Saí pra ir à aula. Resolvi voltar.

Eu estava usando o mesmo vestido de quando o conheci -- preto com flores coloridas. Ele me disse: esse é o vestido! Eu, pronta pra ir à aula. Me despedi dele e da Alice e Tábata, que estavam em casa, cozinhando.
Elas iriam depois pra Urbanova, também, numa entrevista bem informal de emprego da Tábata. Me despedi do Sérgio, e como era sexta, mais tarde a gente ia sair. Andei umas quatro casas pra ir até o ponto de ônibus e resolvi voltar. Minha intuição me fez voltar. E ele:  o que houve? Não vai à aula?
- Não. Muita roupa pra passar.
Ele estava arrumando a mochila pra aula e falando comigo, Alice e Tábata: -- Deixei a carteira pra ser assinada hoje. (Ele queria muito isso, porque estava em liberdade condicional e tinha que se apresentar ao juiz, a cada três meses em São Bernardo do Campo). Vou ter seguro de vida. E olhando pra mim: "Vou deixar um dinheirão pra você torrar com o Ricardão." Fiz cara de quem não gostou e ele, rindo pra Alice: "Sua mãe não gosta que eu fale assim."
E a essa altura da conversa ele estava falando com a boca toda lambuzada de batom vermelho e nem aí.

Deus sabe de todas as coisas.

Ele estava pronto, pegou a capa de chuva, que Elisa dera de presente, mochila, capacete. Fui com ele até o portão. Ele havia passado gel nos cabelos. Pôs o capacete no braço pra dar tempo de secar o gel. Imaginei que logo depois ele colocaria o capacete na cabeça e assim fez. Eu não disse nada, porque ele às vezes me dizia: não sou seu filho. Era treze anos mais jovem que eu.
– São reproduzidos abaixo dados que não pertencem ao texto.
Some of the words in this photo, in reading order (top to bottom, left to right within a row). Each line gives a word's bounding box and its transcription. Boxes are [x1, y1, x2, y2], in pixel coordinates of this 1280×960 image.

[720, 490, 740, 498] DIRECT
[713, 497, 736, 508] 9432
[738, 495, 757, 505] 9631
Pensei em dizer: vai com Deus, mas estávamos frequentando a igreja Mórmon e aprendido na prática a não dizer o nome de Deus em vão. Eu disse apenas: Cuidado! E ele me olhando bem nos olhos:"Deus sabe de todas as coisas". Foram as suas últimas palavras.
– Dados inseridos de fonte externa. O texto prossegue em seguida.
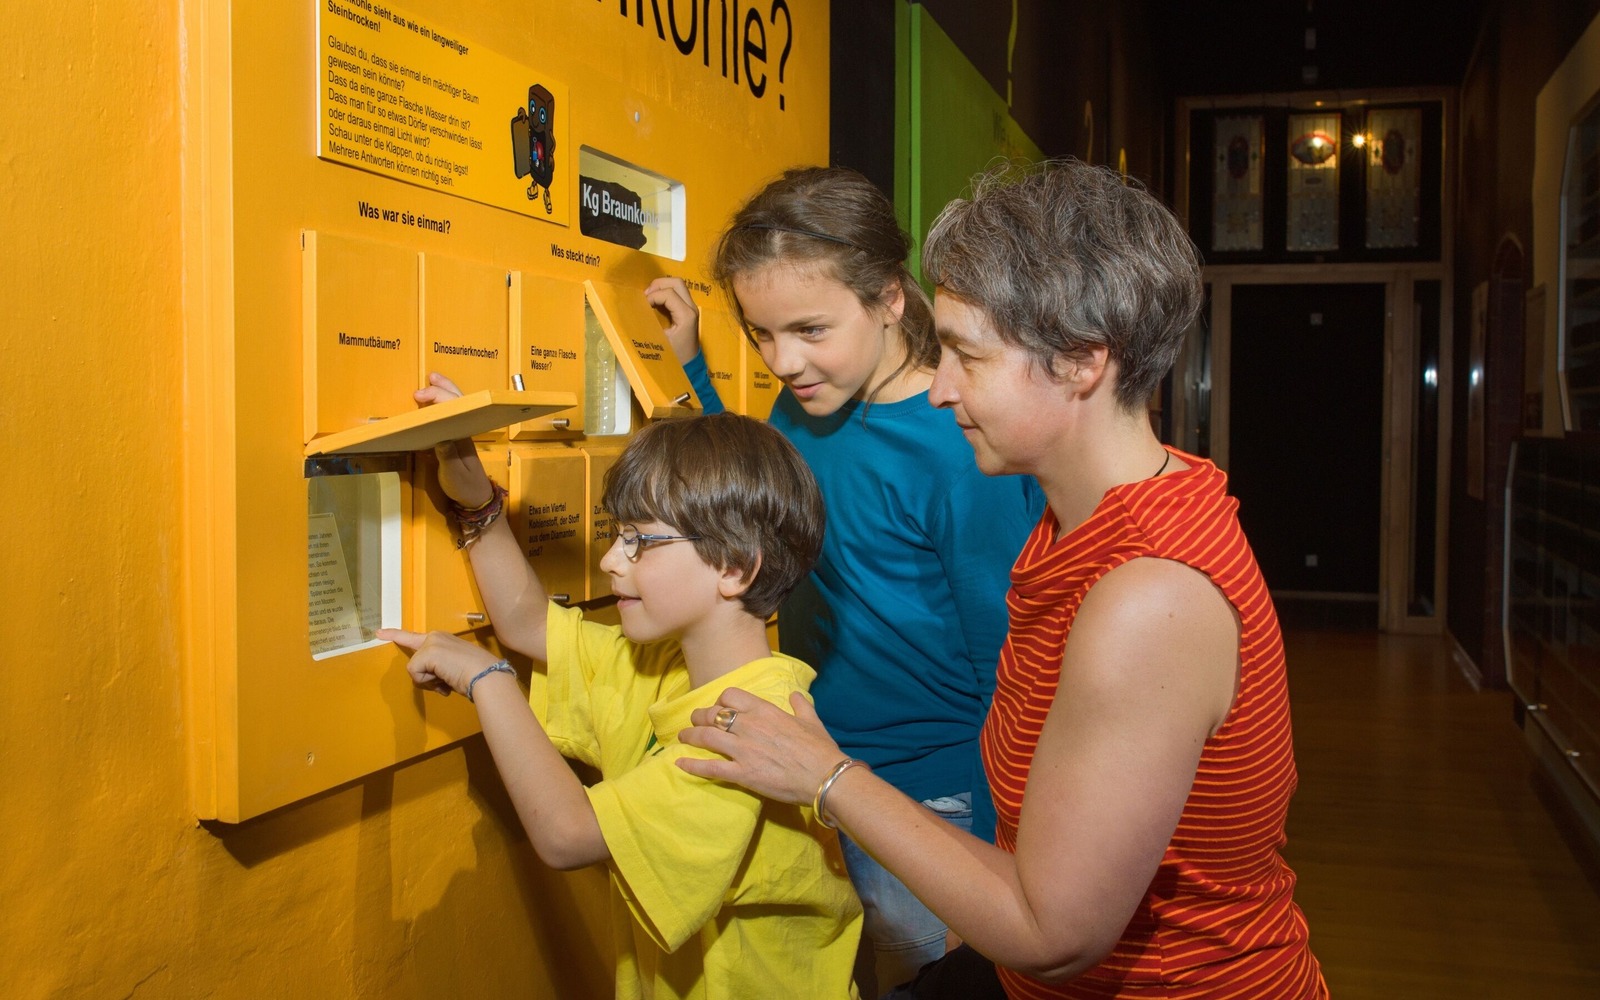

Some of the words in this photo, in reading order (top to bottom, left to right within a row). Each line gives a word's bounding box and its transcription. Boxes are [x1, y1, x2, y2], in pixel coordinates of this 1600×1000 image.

[327, 0, 381, 33] Steinbrocken!
[373, 4, 391, 21] sieht
[393, 14, 406, 27] aus
[407, 20, 419, 33] wie
[420, 25, 431, 39] ein
[431, 29, 469, 56] langweiliger
[327, 35, 357, 57] Glaubst
[358, 47, 370, 63] du,
[371, 53, 388, 69] dass
[388, 60, 399, 73] sie
[400, 65, 422, 81] einmal
[422, 73, 432, 86] ein
[432, 78, 462, 98] mächtiger
[462, 88, 480, 104] Baum
[327, 55, 361, 76] gewesen
[362, 68, 378, 82] sein
[378, 72, 405, 92] könnte?
[328, 70, 348, 88] Dass
[349, 78, 359, 92] da
[360, 83, 376, 98] eine
[376, 90, 398, 105] ganze
[399, 95, 424, 115] Flasche
[424, 104, 447, 123] Wasser
[448, 114, 460, 128] drin
[460, 118, 471, 131] ist?
[328, 87, 348, 105] Dass
[349, 97, 366, 111] man
[366, 100, 377, 115] für
[377, 107, 387, 118] so
[387, 110, 407, 125] etwas
[408, 115, 428, 132] Dörfer
[429, 124, 469, 146] verschwinden
[469, 136, 483, 151] lässt
[328, 107, 346, 122] oder
[347, 112, 372, 130] daraus
[373, 121, 396, 137] einmal
[397, 127, 413, 143] Licht
[413, 134, 431, 148] wird?
[328, 123, 353, 141] Schau
[354, 133, 373, 147] unter
[373, 137, 385, 150] die
[385, 141, 415, 161] Klappen,
[415, 150, 424, 163] ob
[425, 153, 433, 165] du
[434, 156, 452, 173] richtig
[328, 140, 360, 160] Mehrere
[360, 150, 395, 170] Antworten
[396, 160, 420, 176] können
[420, 167, 440, 185] richtig
[440, 175, 455, 187] sein.
[583, 183, 599, 217] Kg
[358, 200, 380, 220] Was
[382, 208, 399, 223] war
[401, 210, 415, 226] sie
[417, 214, 451, 235] einmal?
[551, 243, 565, 259] Was
[565, 248, 585, 264] steckt
[585, 252, 601, 268] drin?
[338, 332, 401, 350] Mammutbäume?
[433, 341, 499, 360] Dinosaurierknochen?
[530, 345, 542, 357] Eine
[542, 349, 558, 360] ganze
[558, 348, 577, 360] Flasche
[530, 359, 553, 371] Wasser?
[529, 505, 542, 516] Etwa
[542, 504, 551, 514] ein
[551, 502, 567, 513] Viertel
[560, 515, 568, 525] der
[568, 513, 580, 525] Stoff
[550, 529, 577, 541] Diamanten
Saiu de casa às 6h50, às sete sofreu outro acidente, agora na Estrada Velha Rio-São Paulo. Foi socorrido pelo Resgate às 7h30. Às 8h30 o pronto socorro da Vila Industrial me liga -- perguntando se ali morava algum Sérgio Roberto. Não havia nada nos cadernos dele - agenda ficara em casa - nenhum documento ou celular que o indentificasse. Só uma coisa: a carta do amigo de muitos anos, que estava preso em Bauru, de quem ele mais gostava, Luiz Felippe Saldanha de Araujo.
Fomos rapidamente ao hospital e no local do acidente já vimos sangue derramado e destroços da moto espalhados. Nunca saberemos ao certo. Uma caminhonete na contramão - disseram, mas não houve testemunhas e,  quem bateu fugiu em seguida sem prestar socorro.
Sérgio já estava em coma. Estava na UTI. Só Rubem e eu entramos. Eu, muito abalada vendo ele  naquela situação trágica, consegui manter a calma e dizer: "Sérgio, está tudo bem! Os médicos estão se esforçando muito pela sua recuperação bem rápida". Rubem não disse nada. Estava muito transtornado. Ao deixar a UTI me despedi: "Sérgio, fica com Deus. Fica em paz."
O Hospital pediu que voltássemos pra casa. Novas notícias dele só às sete da manhã. Mal chegamos em casa, o telefone toca. O Hospital chamando de volta. Liguei pra São Bernardo do Campo pra avisar a mãe dele, Marluce, e pra Solange, a mãe da Sthefany, filha do Sérgio, então com nove anos.
Elisa, Rubem e eu na sala do médico. Ele me pergunta: O que o Sérgio Roberto é da senhora? -- Marido! Pergunta ao Rubem: -- Padrasto! À Elisa: Padrasto! Faltou Alice. Não conseguimos localizá-la pelo celular. 'Infelizmente o Sérgio não resistiu. Ele morreu meia-noite e dez" --- o médico nos sentenciando à irremediável solidão. Perguntei a ele se eu poderia fazer uma última oração junto ao Sérgio.  Ele disse que até poderia sim, mas que Sérgio já tinha sido levado ao IML. Sérgio estava com 31 anos. Era o início do dia 21 de março de 2003. E Deus sabia de todas as coisas.